Which brings us to the books. My two favorite books on the market for identifying wild mushrooms of North America are Mushrooms Demystified and All that the Rain Promises and More, both by David Aurora. Amateur mushroom hunters should pick up both books but at the very least start with the latter. All That the Rain Promises and More is the "hip pocket guide" to many edible (and some toxic) species in our area. The book contains a detailed key that allows any mushroom hunter to match a suite of attributes to a particular species to determine whether it is edible or dangerous. The book also contains detailed information about where each species might be found. So study your trees, as many mushrooms only like to grow under specific species.
There are certain species of fungi that will be easier for beginner mushroom hunters to safely identify than others. I recommend beginning with the chanterelles (including golden chanterelles, black trumpets and yellowfoot or winter chanterelles), hedgehogs, puffballs, oyster mushrooms, king boletes, bear's heads, lion's manes and cauliflower mushrooms. The last three may be a bit more difficult to find in the beginning but once you locate one, it's worth it. All of these species are absolutely delicious and will make incredible additions to any seasonal meal. You can also dry many species to have a supply of edible fungi throughout the year. So if you get into it, a food dehydrator is a worthwhile investment.

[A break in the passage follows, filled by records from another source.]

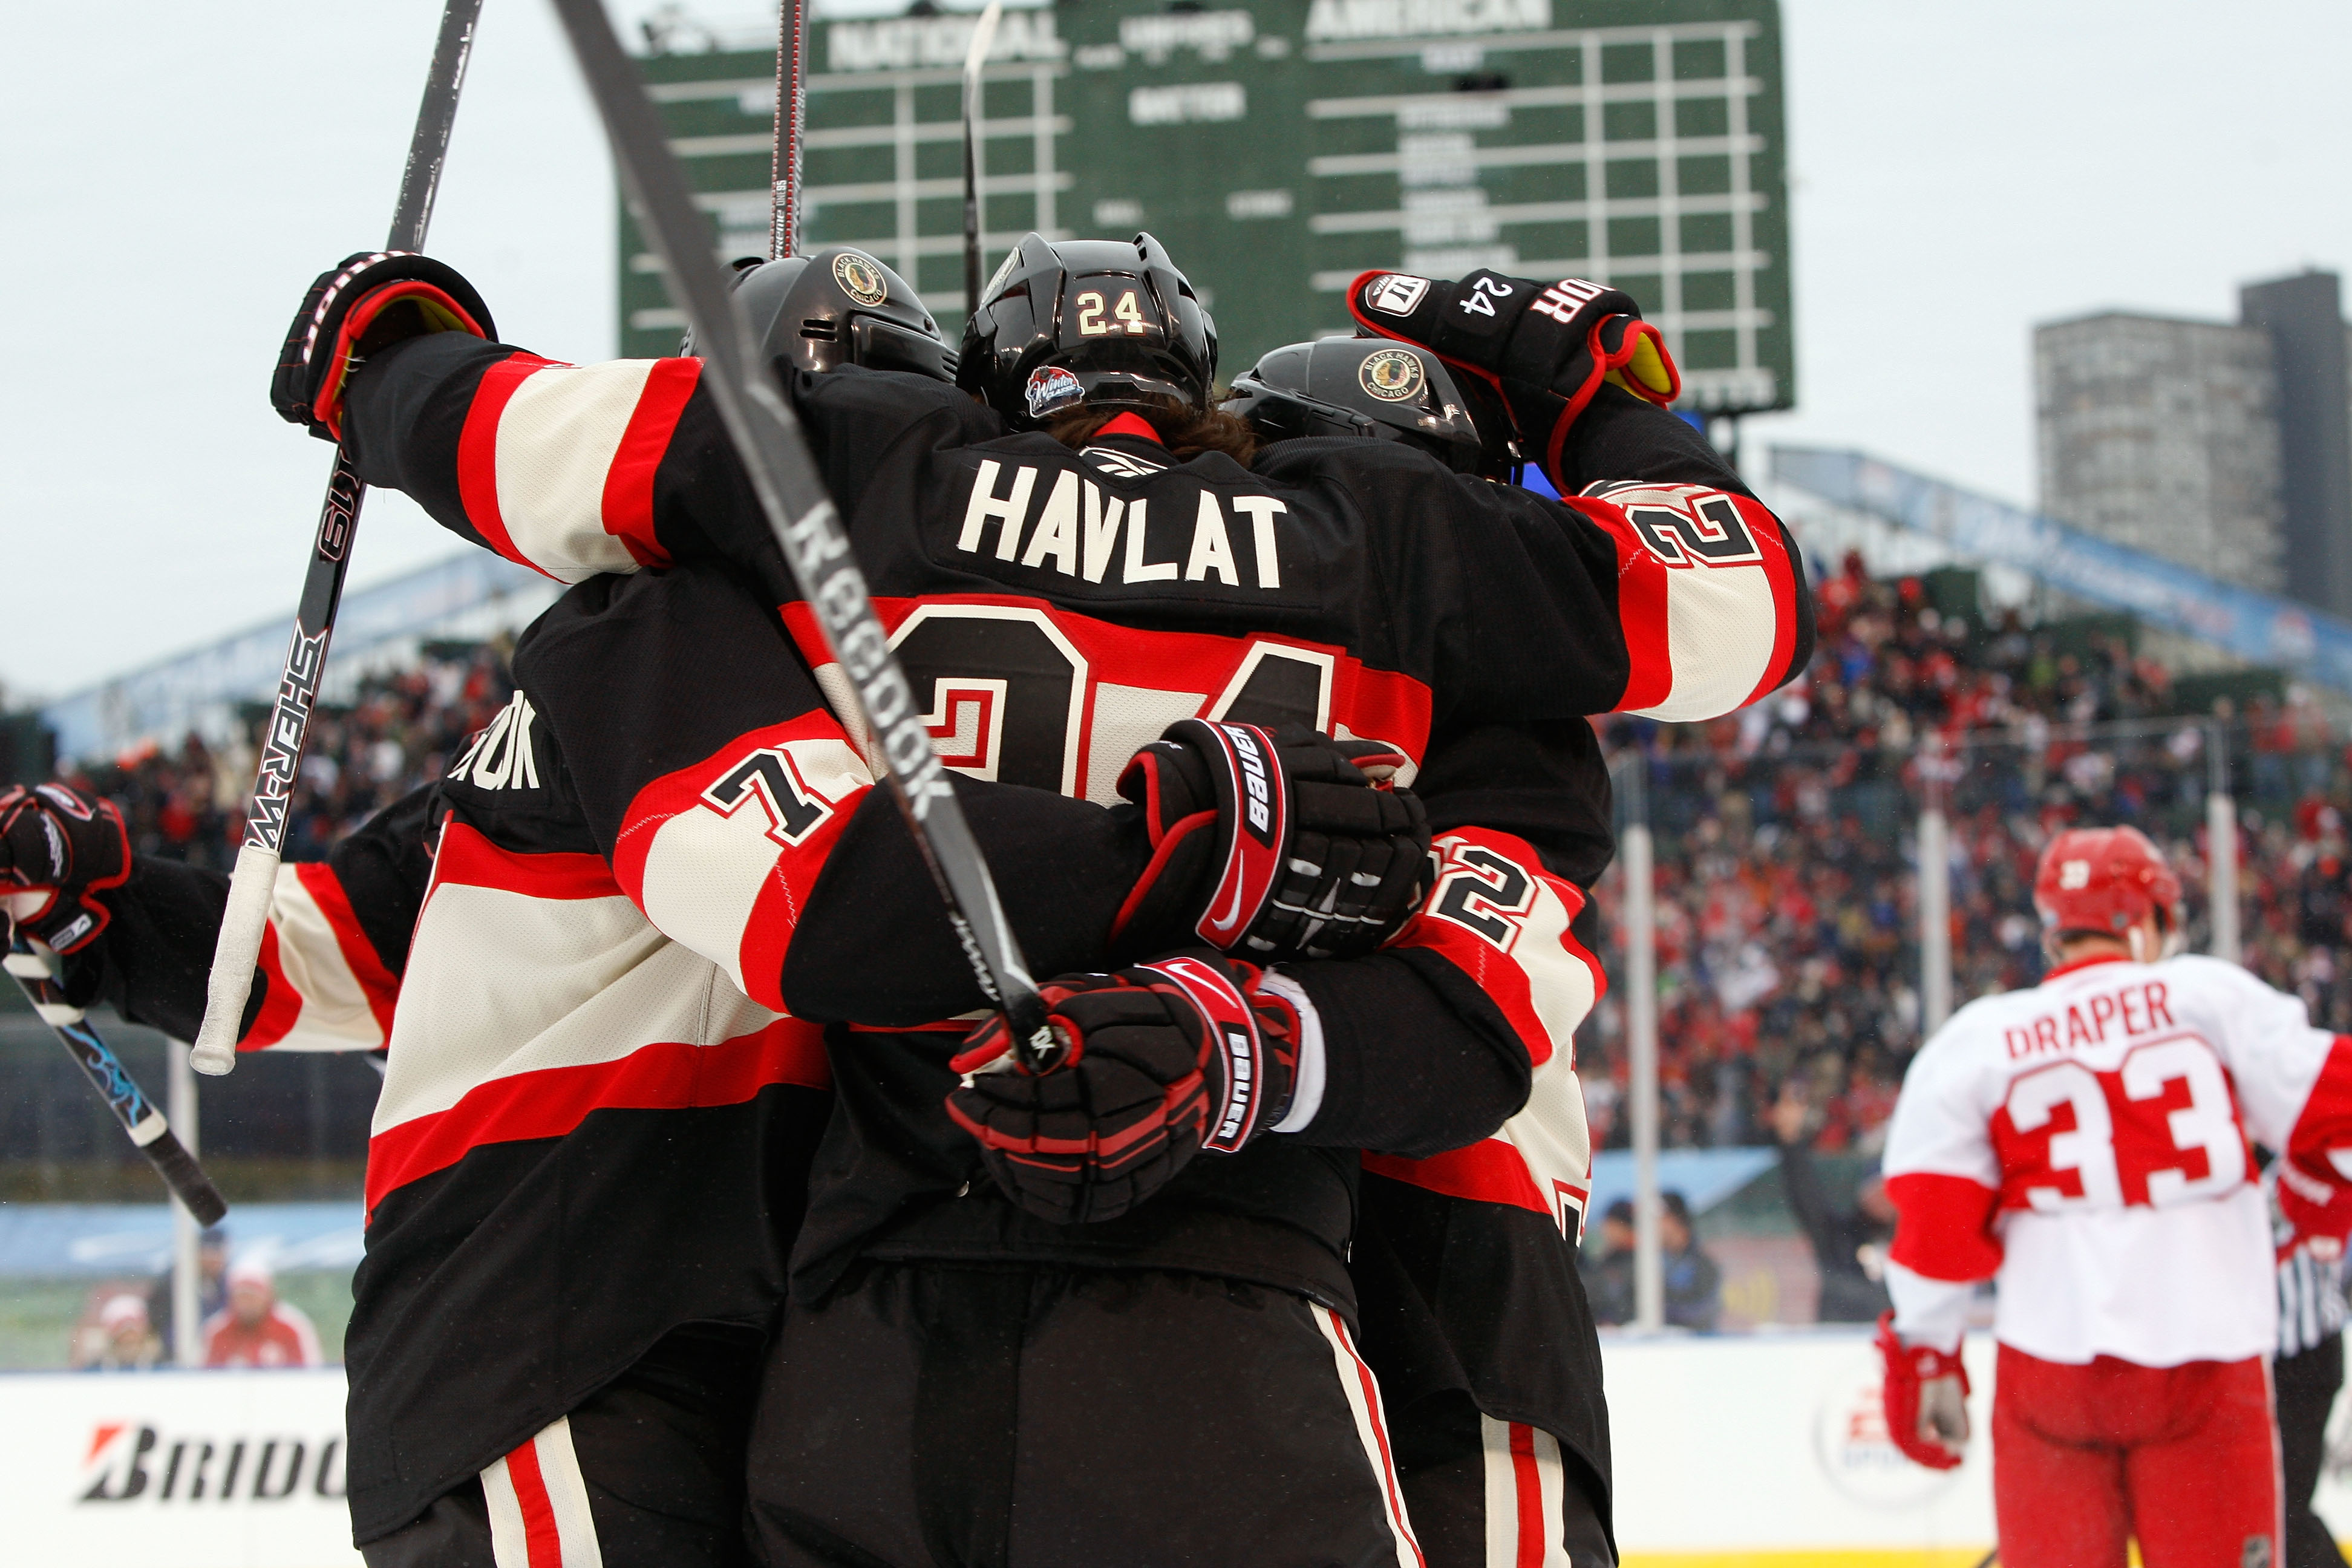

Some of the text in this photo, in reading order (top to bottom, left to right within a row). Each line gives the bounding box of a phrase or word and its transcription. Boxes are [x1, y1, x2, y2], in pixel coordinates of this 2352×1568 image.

[850, 289, 883, 303] CHICAGO
[1076, 290, 1145, 336] 24
[1459, 276, 1514, 318] 24
[1364, 352, 1420, 379] BLACK HAWKS
[1366, 381, 1410, 398] CHICAGO
[957, 459, 1287, 589] HAVLAT
[700, 748, 835, 847] 7
[1220, 724, 1270, 833] BAUER
[2004, 980, 2177, 1060] DRAPER
[1218, 1032, 1251, 1138] BAUER
[2004, 1031, 2247, 1210] 33

Mushroom hunting is like an Easter egg hunt for adults. But honestly, kids love it too. There is no better wintertime activity in the woods, with so much potential to bring the whole family together. I have seen folks in their 60s on hands and knees crawling under huckleberry bushes giggling at the sight of a full flush of hedgehogs. Friends in their 20s and 30s can't get enough of it and my buddy Jeremy's daughter is under 10 years old and one of the best locators of oyster mushrooms around. It doesn't matter if you were raised in the country or city, mushroom hunting is sure to bring a smile to your face. Fair warning though, if you start you will almost certainly get hooked on the first outing.

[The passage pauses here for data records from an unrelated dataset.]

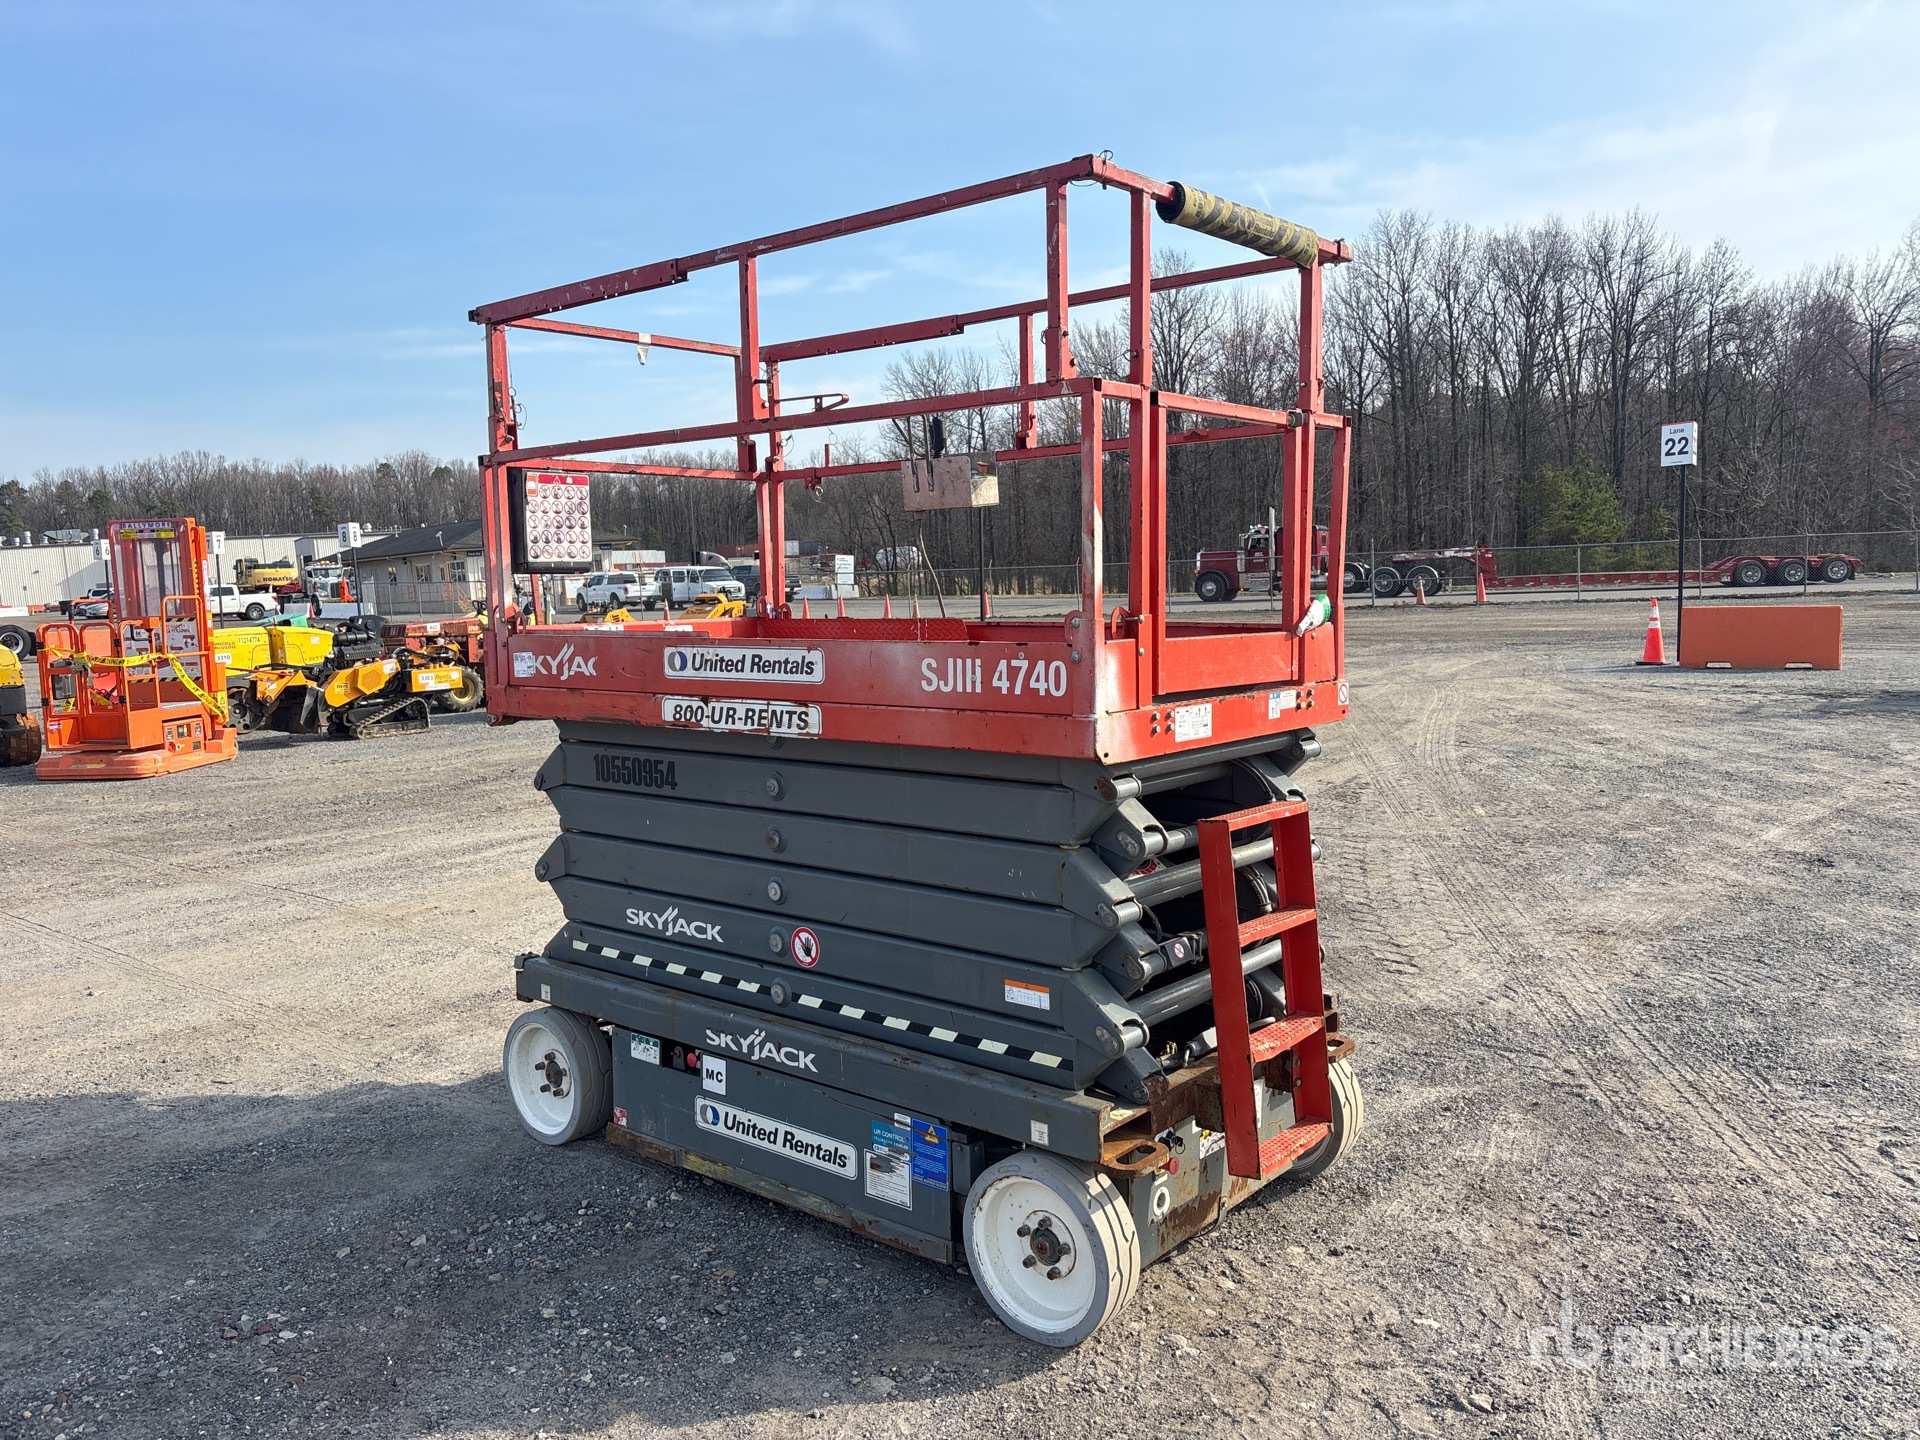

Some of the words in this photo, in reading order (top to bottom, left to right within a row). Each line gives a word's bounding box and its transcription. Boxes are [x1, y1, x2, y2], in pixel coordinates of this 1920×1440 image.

[1664, 436, 1689, 457] 22
[122, 521, 172, 529] BALLYMORE
[353, 530, 358, 541] 8
[216, 539, 221, 549] 7
[341, 531, 347, 542] 8
[95, 546, 100, 556] 6
[692, 652, 746, 674] United
[750, 654, 815, 676] Rentals
[992, 659, 1067, 697] 4740
[672, 703, 810, 731] 800-UR-RENTS
[593, 753, 678, 791] 10550954
[625, 905, 725, 943] SKYJACK
[705, 1028, 819, 1073] SKYJACK
[705, 1068, 723, 1083] MC
[723, 1111, 779, 1145] United
[782, 1130, 848, 1169] Rentals
[873, 1128, 882, 1136] UR
[881, 1130, 906, 1143] CONTROL

A few final tips: Locating the proper area to enjoy a wild fungi hunt may take a bit of research and even a bit of restraint. Please avoid trespassing on private land even if you see a full flush of king boletes just a few yards beyond that barbed wire. You'll need a free permit (for personal use up to 5 pounds per day) from the Bureau of Land Management to hunt on public land. Call the Arcata field office (1695 Heindon Road) at 825-2300 to find out which areas and what tools are permitted so as not to damage the forest environment.
There are plenty of locations open to public mushroom hunting and with a bit of asking around you can find some incredible secret spots. When I say secret, I mean secret — if a friend shares a location with you, it is part of the mushroom hunter's code that you are now sworn to secrecy about that exact location.
ALWAYS be positive of your identification in the field and re-identify fungi in the kitchen as you brush your harvest clean of dirt and duff. Finally, for a great date, bring a little camp stove, some chevre, olive oil, herbs, onion, balsamic vinegar, butter and French bread along. Brown a few slices of a sourdough baguette in olive oil to make a quick crostini, spread with chevre, top with sautéed herb-butter fungi and a dash of vinegar. This little snack will surely wow someone new or even a love you've known for decades. Oh yeah, and bring some hot chocolate for the rainy days — everyone likes that. Happy hunting and don't eat anything I wouldn't eat!